- ¿Qué te pareció la experiencia?
- Buena –contestó el hijo con la mirada puesta a la distancia.
- Y... ¿qué aprendiste? -insistió el padre...
El hijo contestó:
- Que nosotros tenemos un perro y ellos tienen cuatro. Nosotros tenemos una piscina con agua estancada que llega a la mitad del jardín... y ellos tienen un río sin fin, de agua cristalina, donde hay pececitos, berro y otras bellezas. Que nosotros importamos linternas del Oriente para alumbrar nuestro jardín... mientras que ellos se alumbran con las estrellas y la Luna. Nuestro patio llega hasta la cerca... y el de ellos llega al horizonte.
Continuó el hijo...
- Que nosotros compramos nuestra comida;... ellos, siembran y cosechan la de ellos. Nosotros oímos CD... Ellos escuchan una perpetua sinfonía de pericos, ranas, sapos cocorrones y otros animalitos... todo esto a veces dominado por la sonora saloma de un vecino que trabaja su monte. Nosotros cocinamos en estufa eléctrica... Ellos, todo lo que comen tiene ese glorioso sabor del fogón de leña...
- Para protegernos nosotros vivimos rodeados por un muro, con alarmas... Ellos viven con sus puertas abiertas, protegidos por la amistad de sus vecinos. Nosotros vivimos ‘conectados’ al celular, a la computadora, al televisor... ellos, en cambio, están ‘conectados’ a la vida, al cielo, al sol, al agua, al verde del monte, a los animales, a sus siembras, a su familia.
El padre quedó impactado por la profundidad de las observaciones... y entonces el hijo terminó:
- ¡Gracias papá, por haberme enseñado lo pobre que somos!
La simplicidad voluntaria o vida simple es un estilo de vida que se puede seguir por razones de espiritualidad, salud, justicia social, rechazo del consumismo, o simplemente porque es la forma de vida que más felicidad aporta para una persona o grupo determinado.

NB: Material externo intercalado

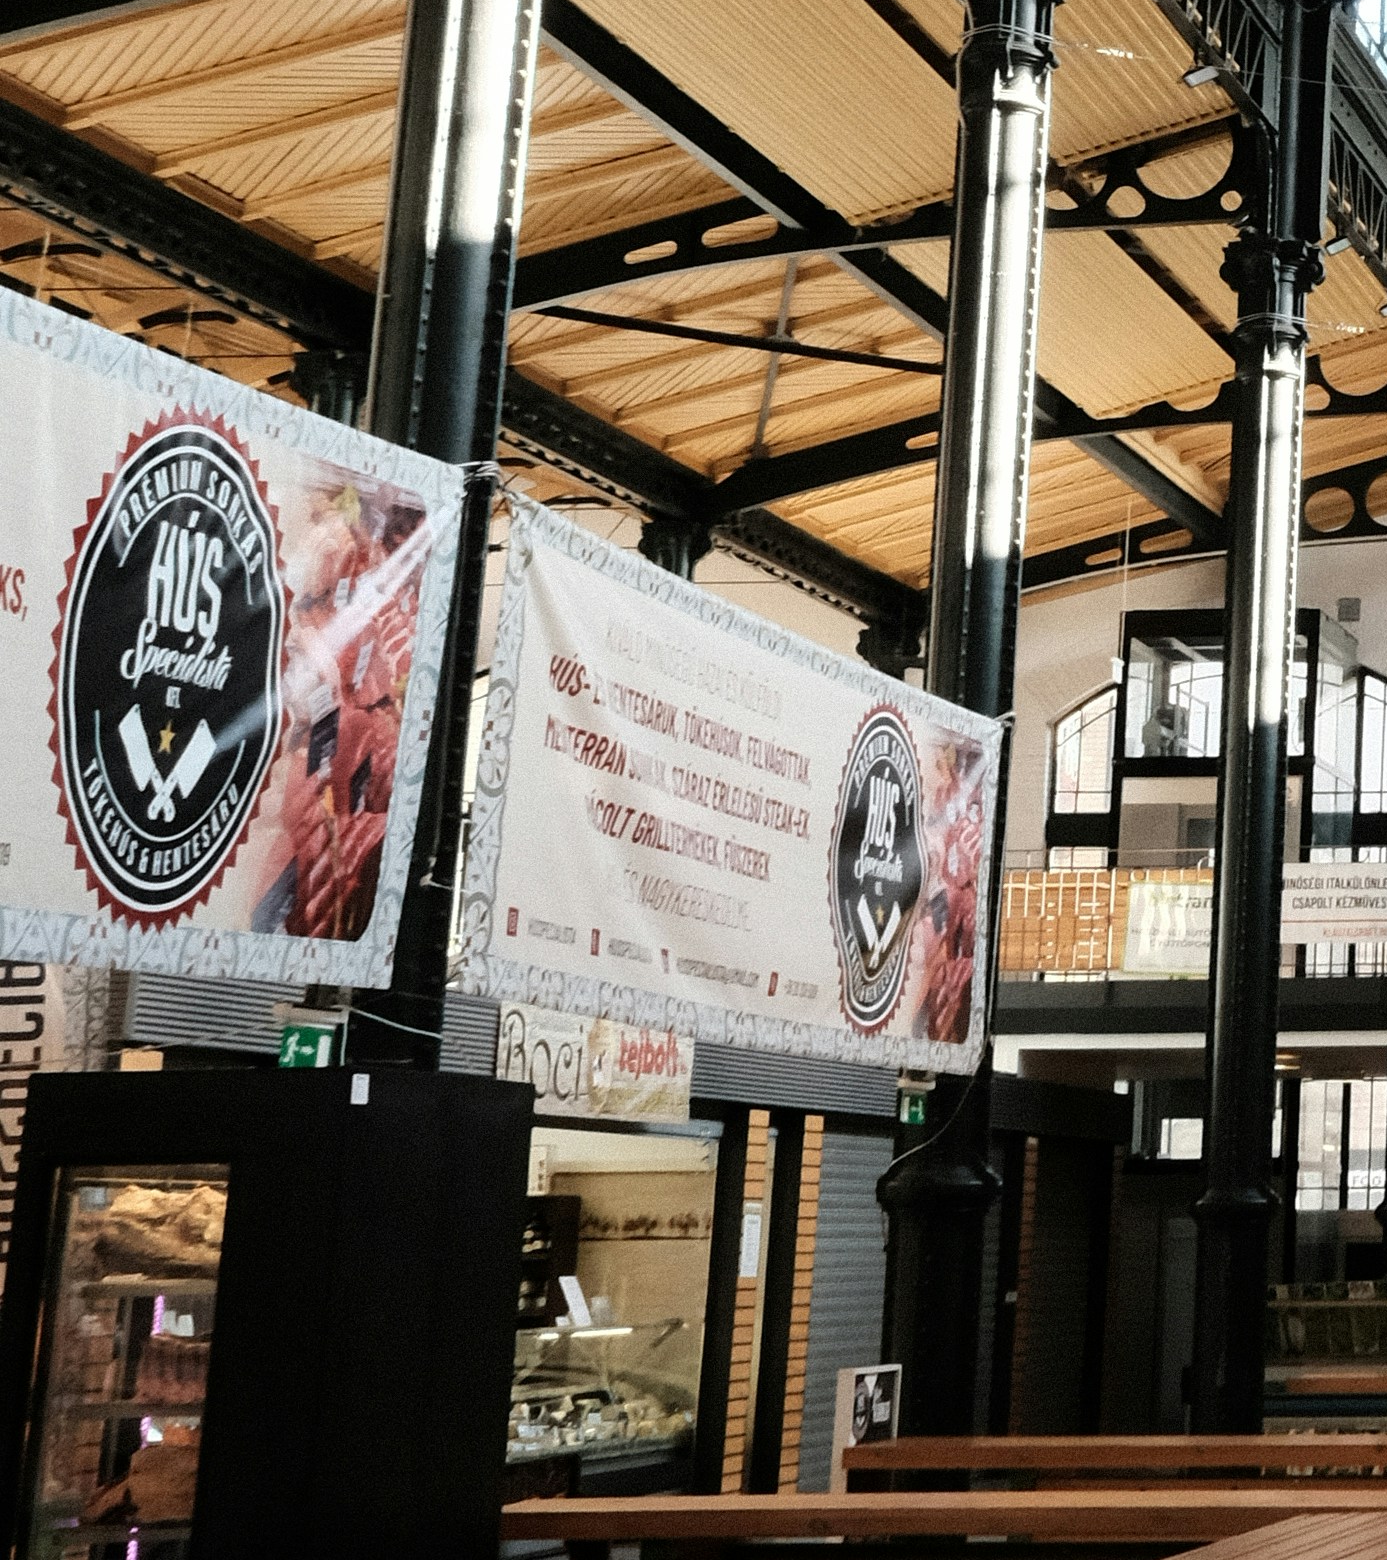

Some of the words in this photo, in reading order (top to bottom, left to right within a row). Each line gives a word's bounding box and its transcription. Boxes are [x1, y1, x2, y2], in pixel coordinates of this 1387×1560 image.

Algunas personas que practican la simplicidad voluntaria actúan conscientemente para reducir sus deseos de comprar y, de esta manera, su deseo de vender su tiempo por dinero. Unos emplearán el tiempo libre extra que esto genera ayudando a su familia o a otros de una forma voluntaria. Otros pueden emplear el tiempo libre para mejorar su propia vida, por ejemplo realizando actividades creativas como: arte, artesanías, u otra actividad, o simplemente dedicándose a pasar el tiempo con amigos o solos en actividades de ocio.